Deep Research mode was just as wrong—only much longer. It produced over 3,500 words, reasoning that Eisenhower “probably” watched Suddenly. That’s an odd choice given that Suddenly wasn’t released until October 7, 1954, months after the date in question. Copilot seemed to assume a movie must have been shown simply because I asked. From its own report:
The balance of circumstantial and secondary evidence points to “Suddenly” as the film President Eisenhower watched on August 11, 1954…

That’s not evidence it’s guesswork. In reality, I know exactly what he watched, thanks to the White House projectionist’s logbook from the 1950s. On that date, Eisenhower viewed River of No Return, directed by Otto Preminger and starring Marilyn Monroe and Robert Mitchum.
Other chatbots didn’t fare much better. Google Gemini had no answer. Perplexity also guessed Suddenly, likely because Wikipedia notes that the film’s writer, Richard Sale, got the idea while reading about Eisenhower’s trips to Palm Springs a coincidence that seems to have misled both Copilot and Perplexity.
Surprisingly, xAI’s Grok got it right but only after I clicked “think harder.” Its source? My own 2019 tweet from All the Presidents’ Movies.
Frequently Asked Questions
Why focus on historians specifically?
Historians rely on interpretation, context, and critical analysis—skills AI still struggles to replicate reliably.

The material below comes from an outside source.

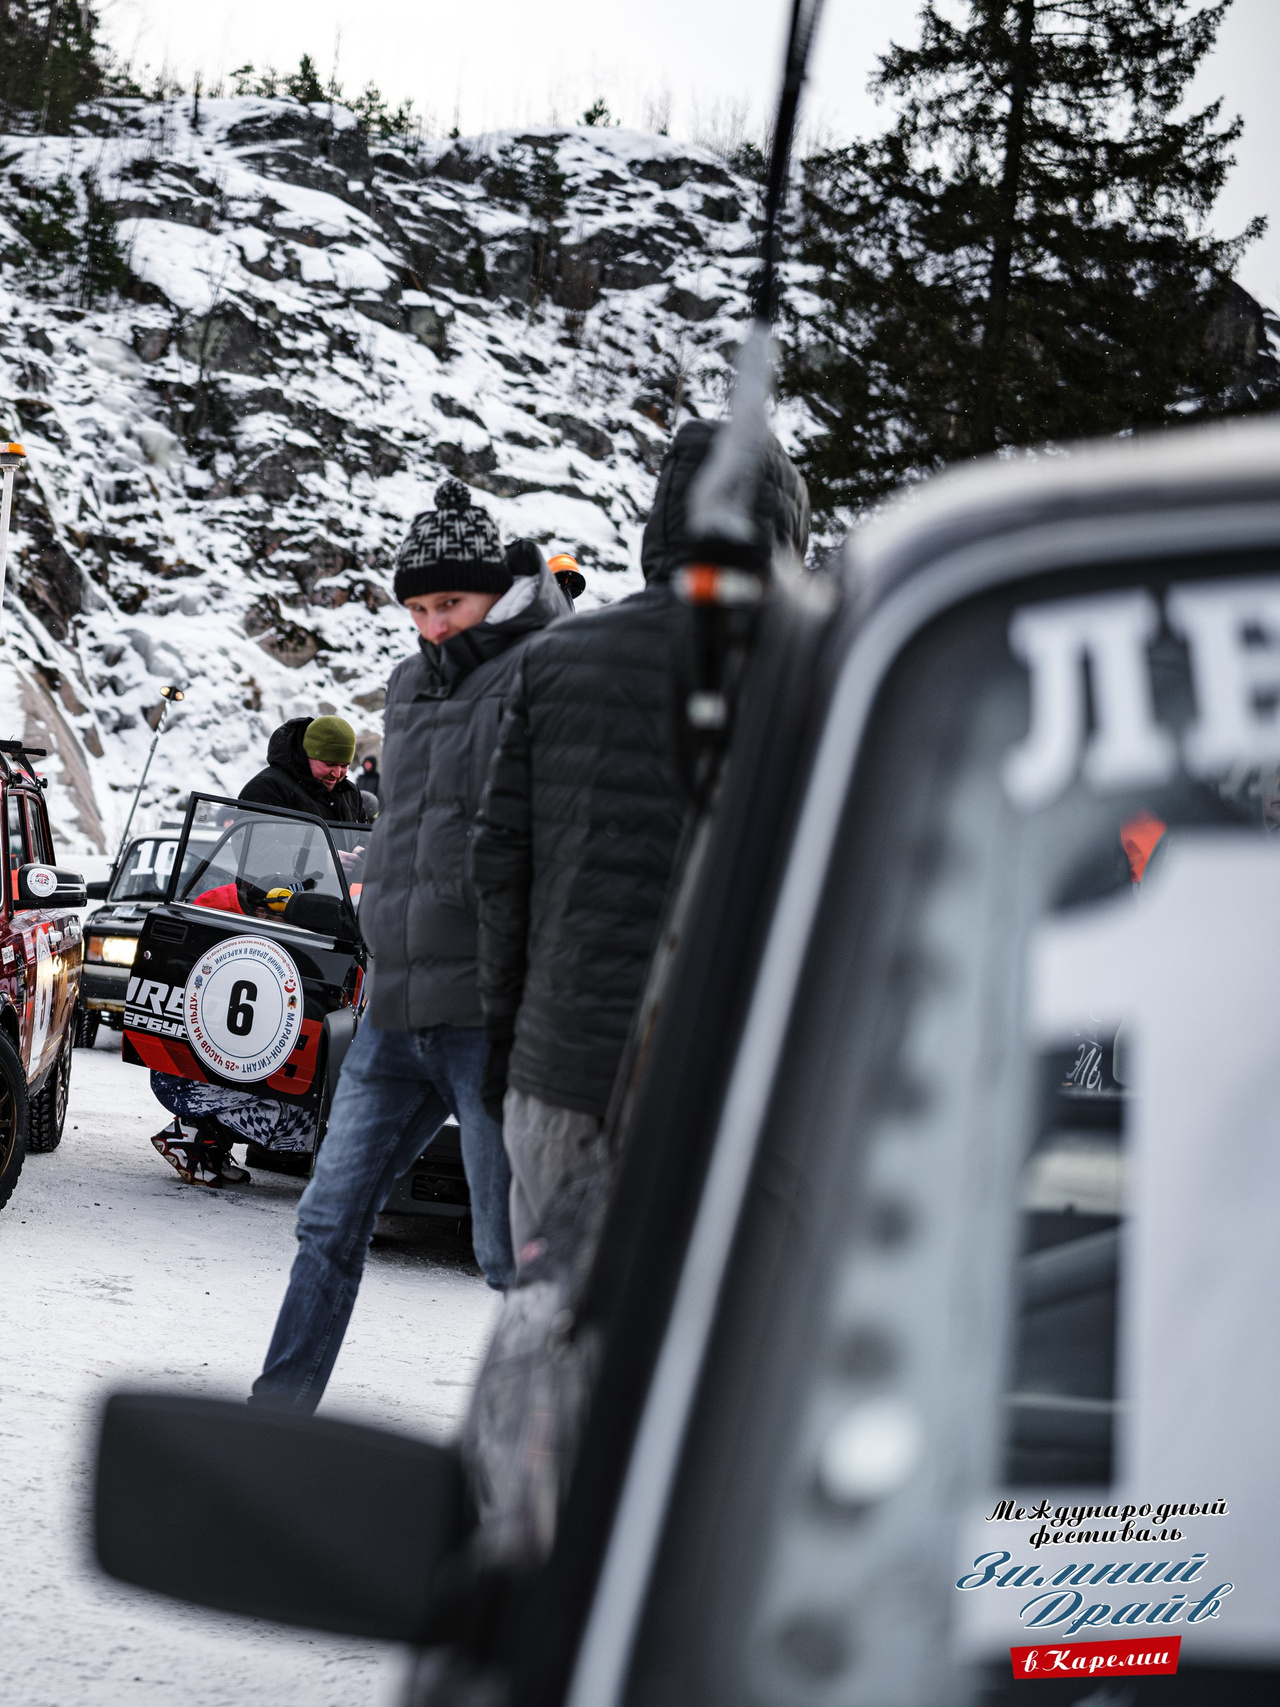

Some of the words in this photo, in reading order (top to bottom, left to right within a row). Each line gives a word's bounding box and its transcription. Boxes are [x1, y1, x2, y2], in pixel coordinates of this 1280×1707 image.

Can AI ever replace historians in the future?
While AI can assist with data gathering and pattern recognition, replacing historians entirely would require human-like judgment and nuanced reasoning, which AI currently lacks.

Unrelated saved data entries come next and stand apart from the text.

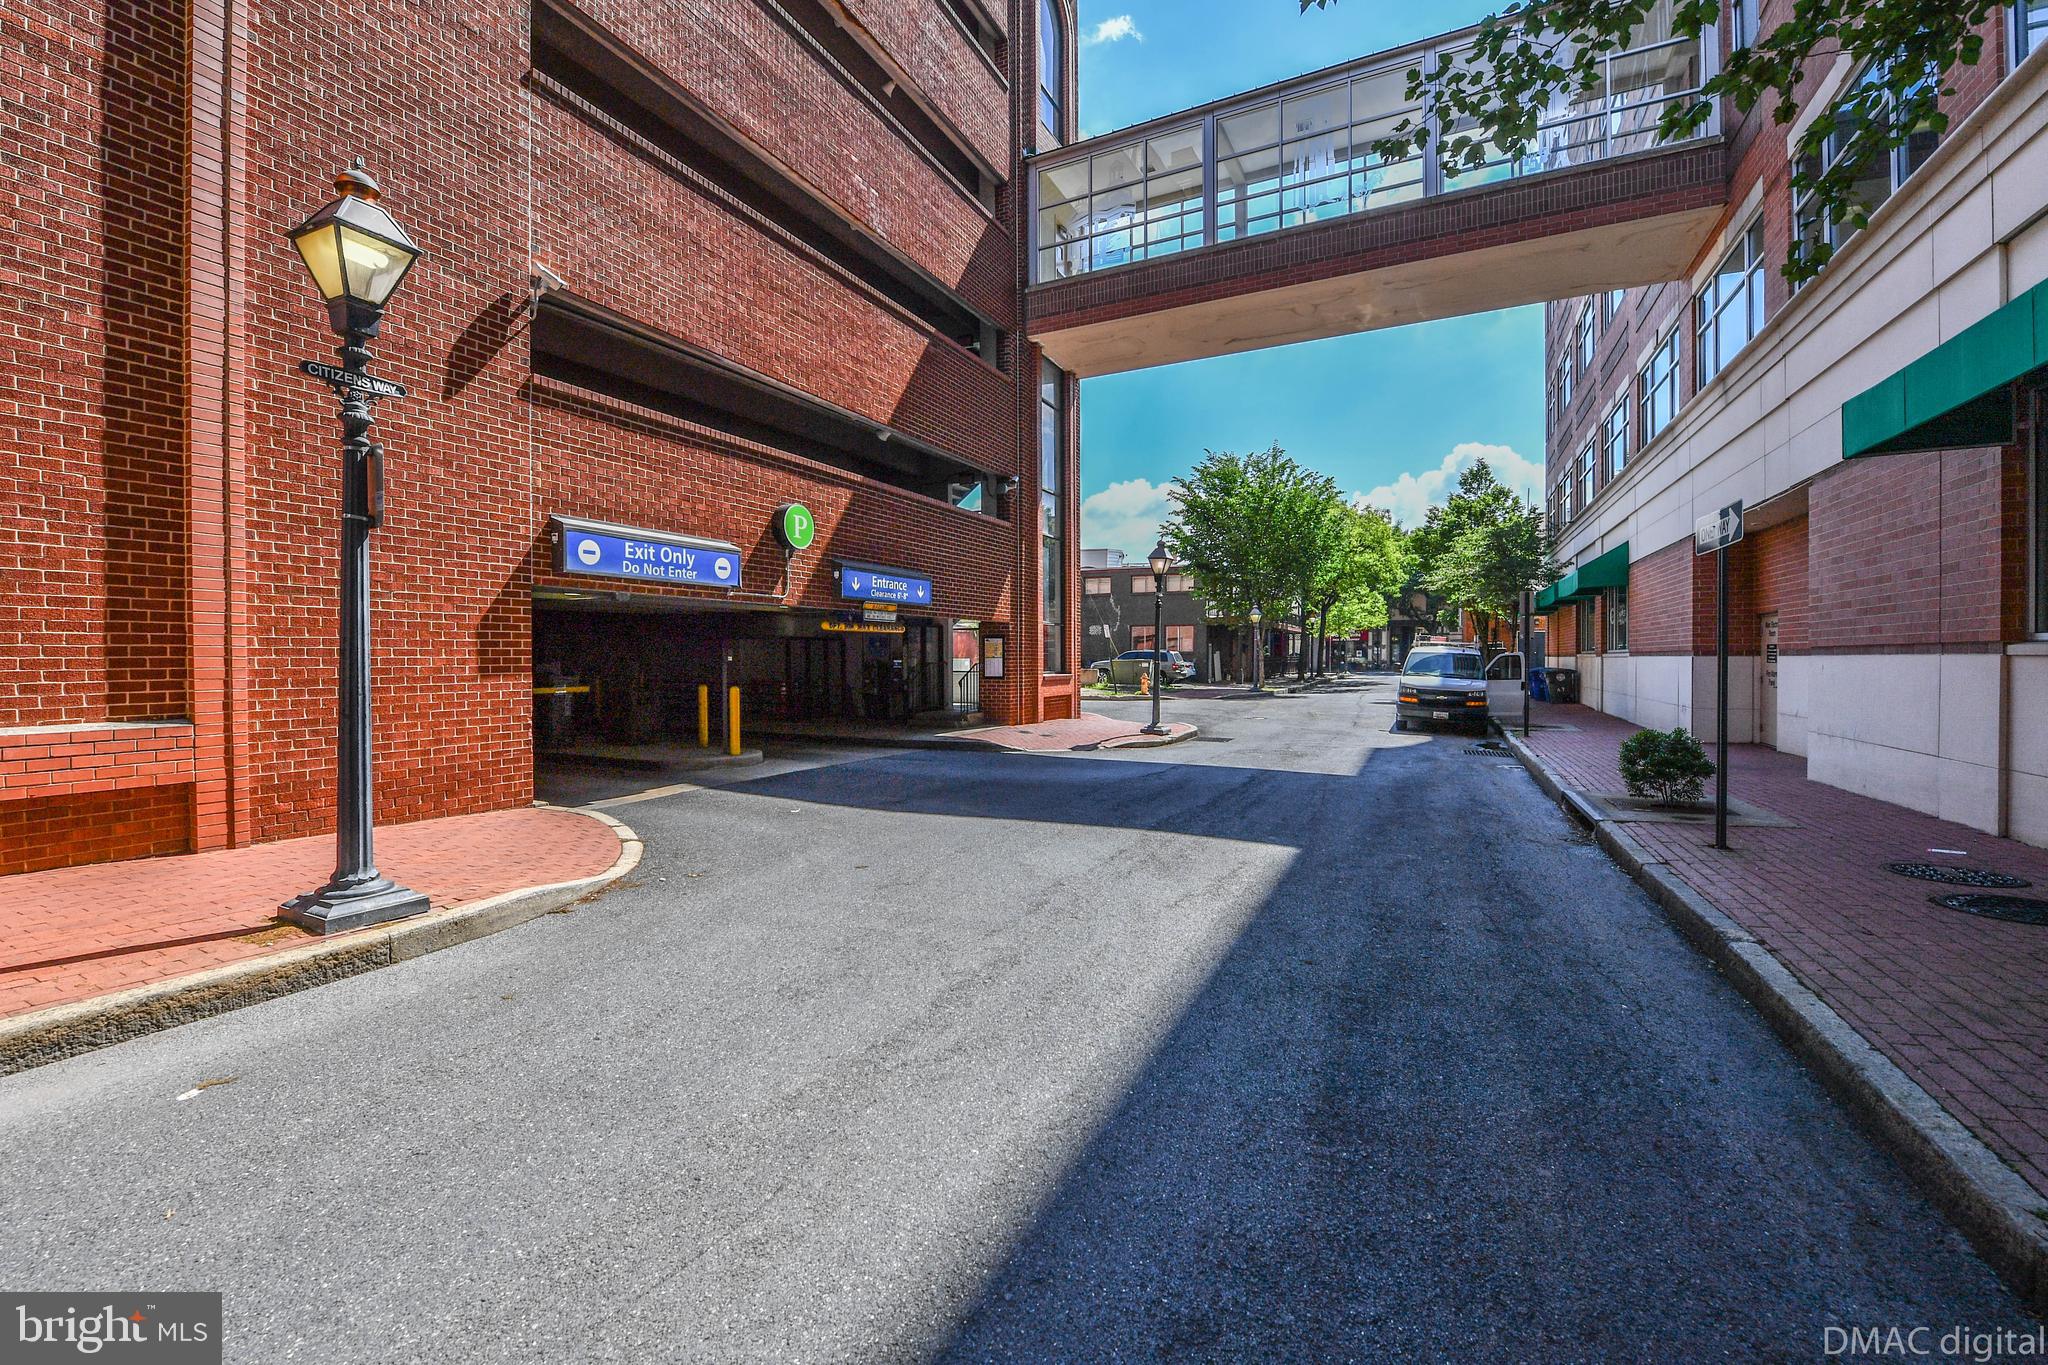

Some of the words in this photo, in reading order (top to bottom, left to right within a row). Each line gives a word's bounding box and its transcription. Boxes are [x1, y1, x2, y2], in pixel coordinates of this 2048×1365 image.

[307, 363, 371, 388] CITIZENS
[373, 380, 397, 395] WAY
[793, 514, 808, 539] P
[625, 542, 655, 562] Exit
[660, 547, 695, 569] Only
[622, 561, 640, 574] Do
[643, 563, 665, 577] Not
[668, 566, 698, 580] Enter
[871, 589, 896, 599] Clearance
[872, 576, 908, 591] Entrance

How does AI perform on historical questions?
Tests show that generative AI often produces inaccurate or fabricated answers, especially when information is rare, obscure, or poorly documented.
Why not just use AI for quick research?
Quick AI research can be useful, but without verification from credible sources, there’s a risk of spreading misinformation.
What’s the biggest takeaway from your tests?
AI tools are best used as assistants, not replacements—especially in fields where accuracy and interpretation are paramount.
Conclusion
AI tools have made remarkable progress, but my experiments with presidential movie trivia show just how often they still miss the mark. From confident but wrong guesses to elaborate justifications built on shaky assumptions, these systems remind us that speed and polish aren’t the same as accuracy. Historians and anyone working with nuanced, factual material offer something AI can’t: the ability to interpret evidence, understand context, and know when the most truthful answer is “there’s no record.”